STUDY MATERIAL ->

•••••

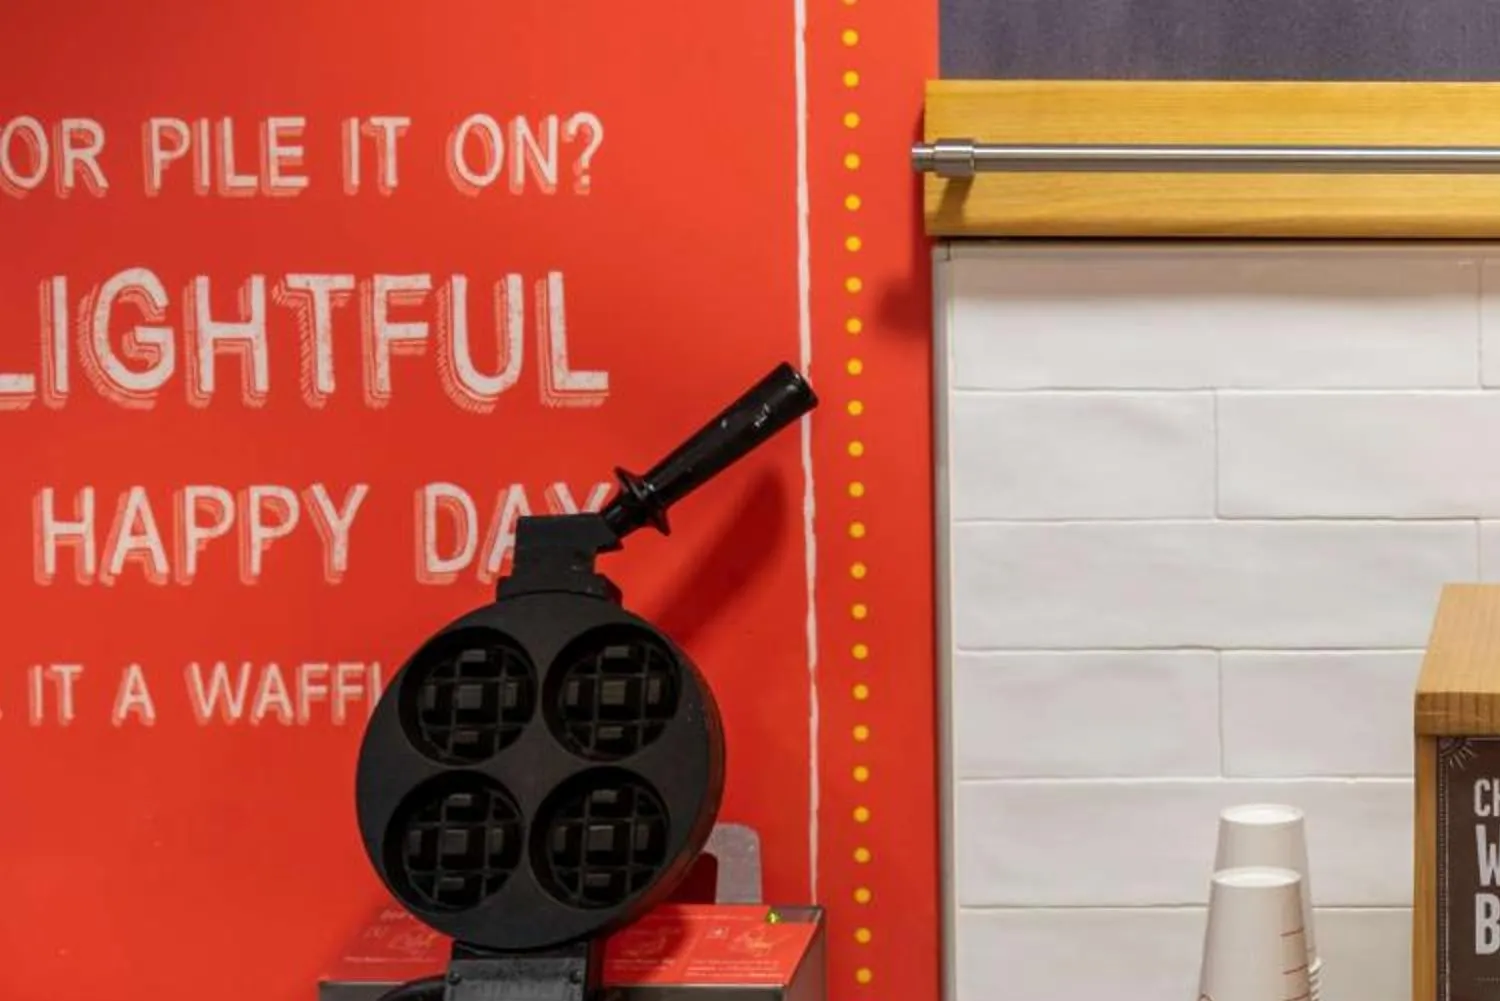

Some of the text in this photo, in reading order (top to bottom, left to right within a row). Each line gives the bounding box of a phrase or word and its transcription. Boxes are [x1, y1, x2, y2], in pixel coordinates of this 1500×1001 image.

•••••

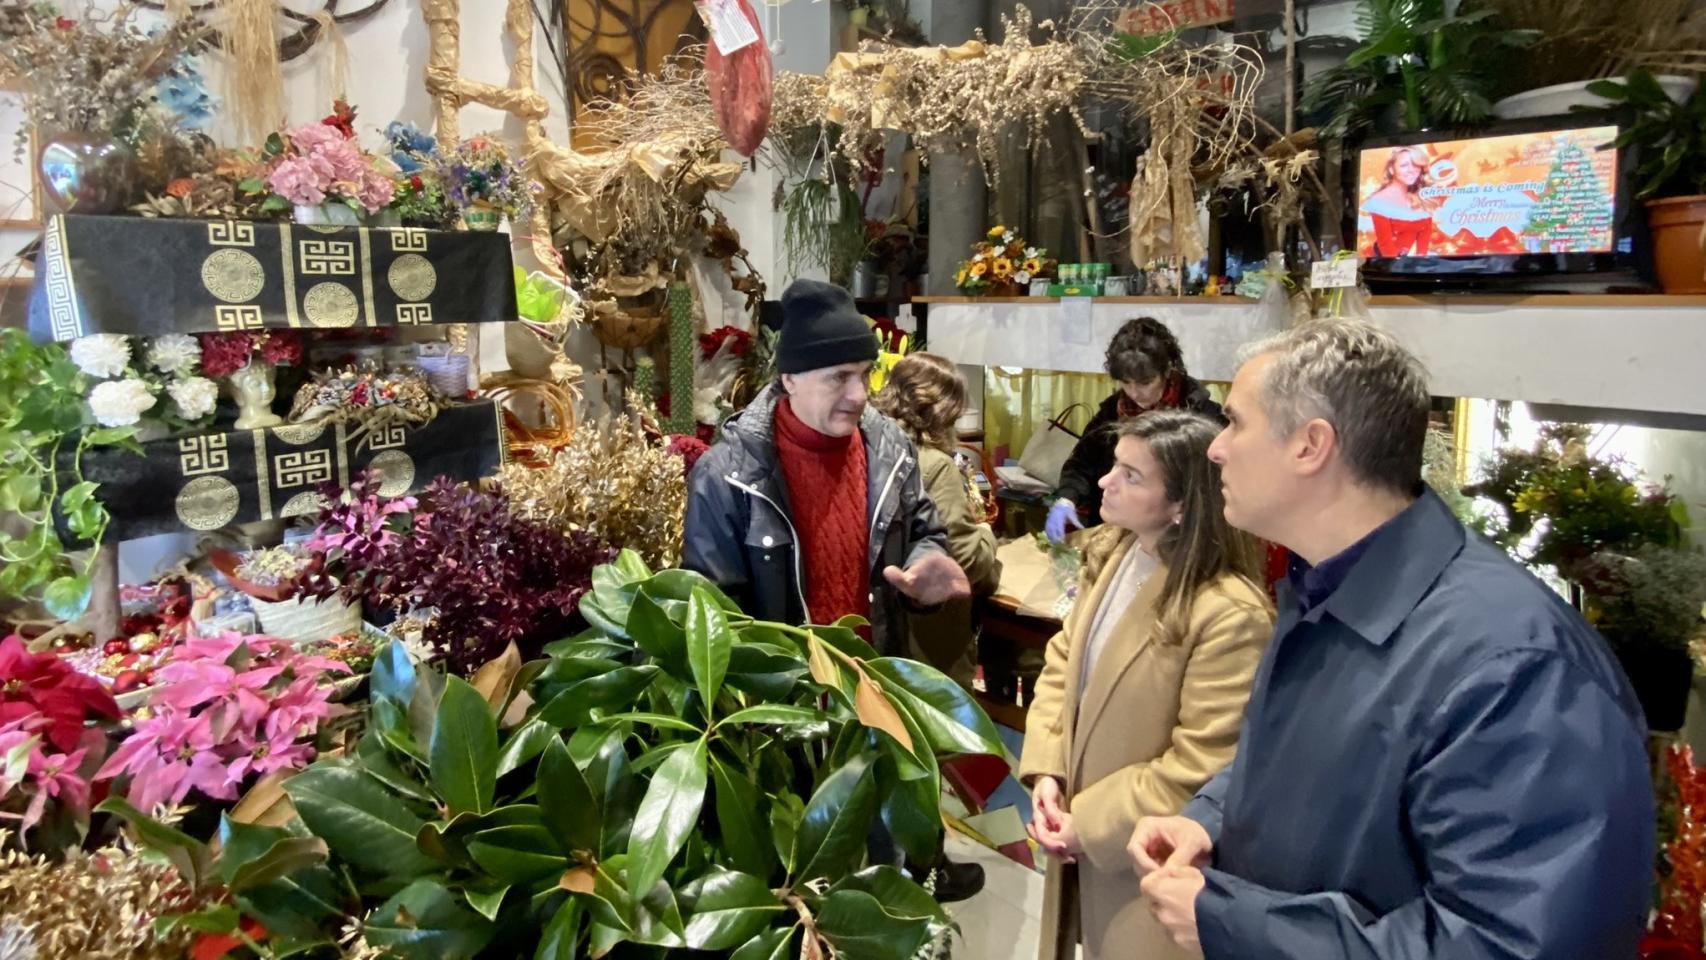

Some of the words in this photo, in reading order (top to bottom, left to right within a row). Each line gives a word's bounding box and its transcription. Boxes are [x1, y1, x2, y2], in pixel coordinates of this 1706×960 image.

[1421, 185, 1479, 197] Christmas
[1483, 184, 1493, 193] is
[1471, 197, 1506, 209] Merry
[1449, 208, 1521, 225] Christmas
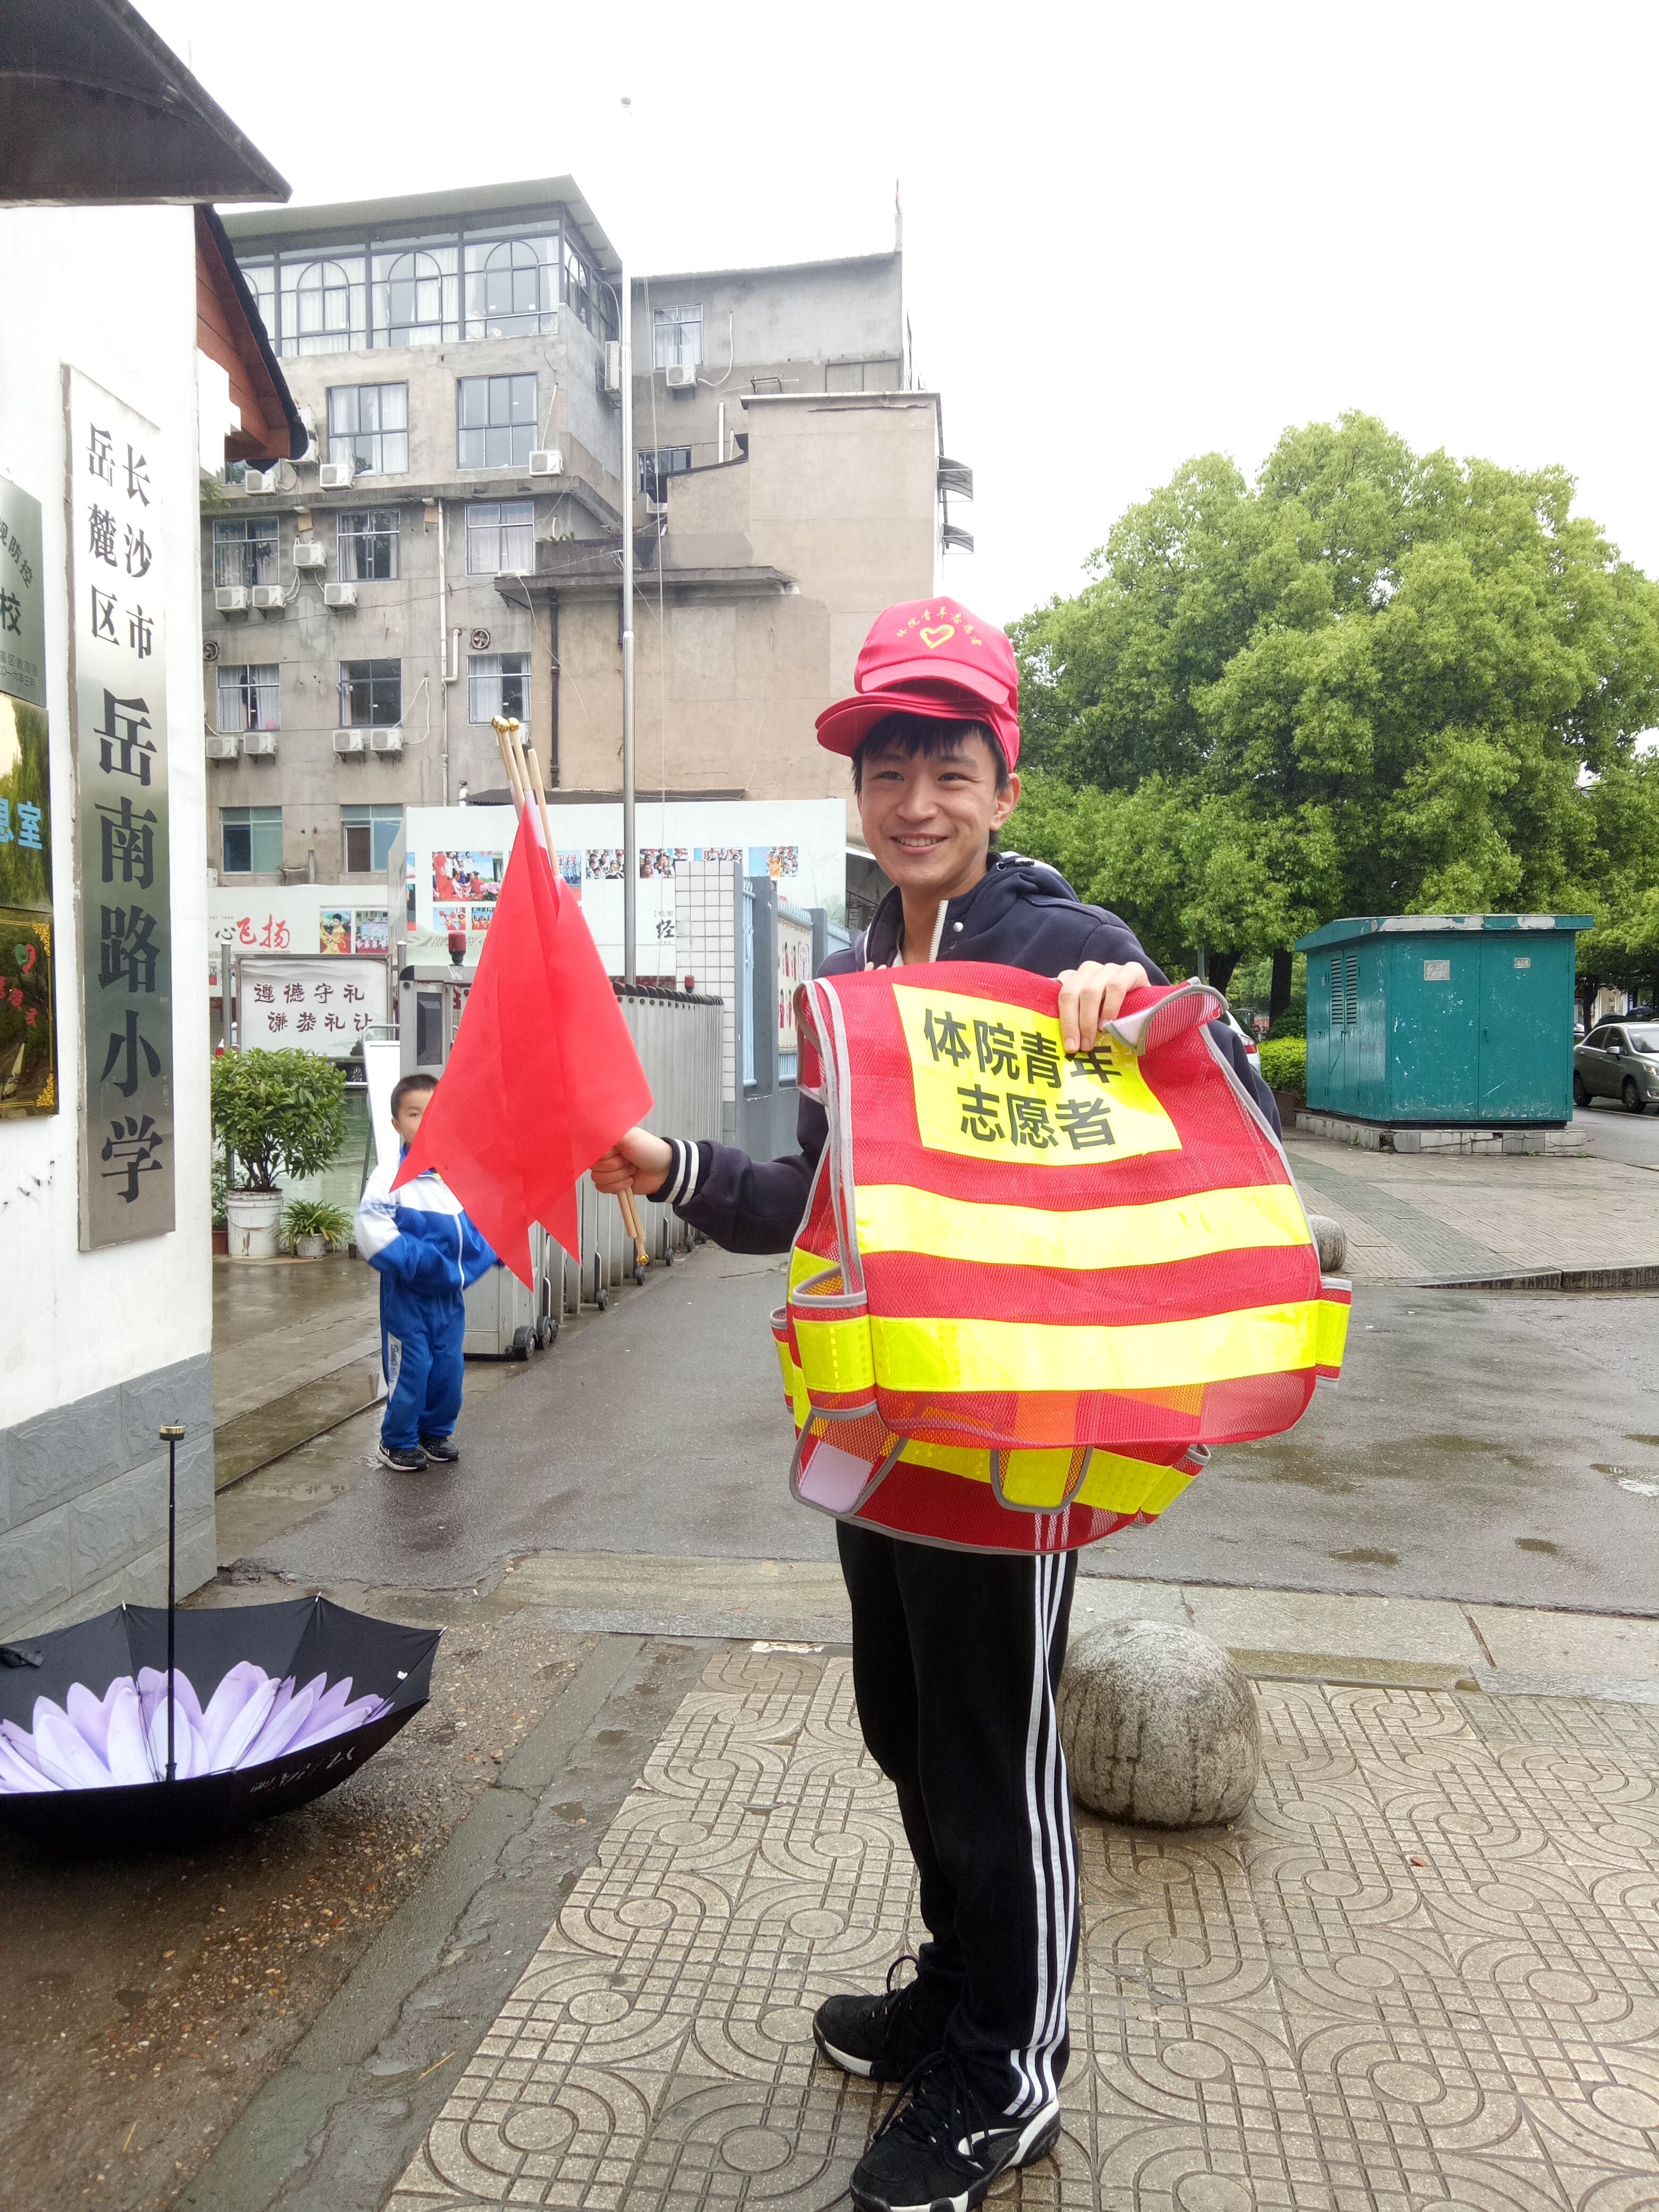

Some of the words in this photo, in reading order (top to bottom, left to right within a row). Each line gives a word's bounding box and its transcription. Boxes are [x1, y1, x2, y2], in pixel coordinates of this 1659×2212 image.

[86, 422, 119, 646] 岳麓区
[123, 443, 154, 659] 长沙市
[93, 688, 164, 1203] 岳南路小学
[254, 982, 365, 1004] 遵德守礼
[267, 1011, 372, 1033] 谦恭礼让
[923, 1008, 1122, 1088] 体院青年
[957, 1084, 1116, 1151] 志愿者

•••••

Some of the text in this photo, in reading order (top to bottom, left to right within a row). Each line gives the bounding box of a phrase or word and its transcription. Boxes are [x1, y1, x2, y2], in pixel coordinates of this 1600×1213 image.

•••••

YOUR OBJECTIVE ->
Please state how many lines in the entries above include the word "text", giving only the number.

SOLVED PROBLEM ->
2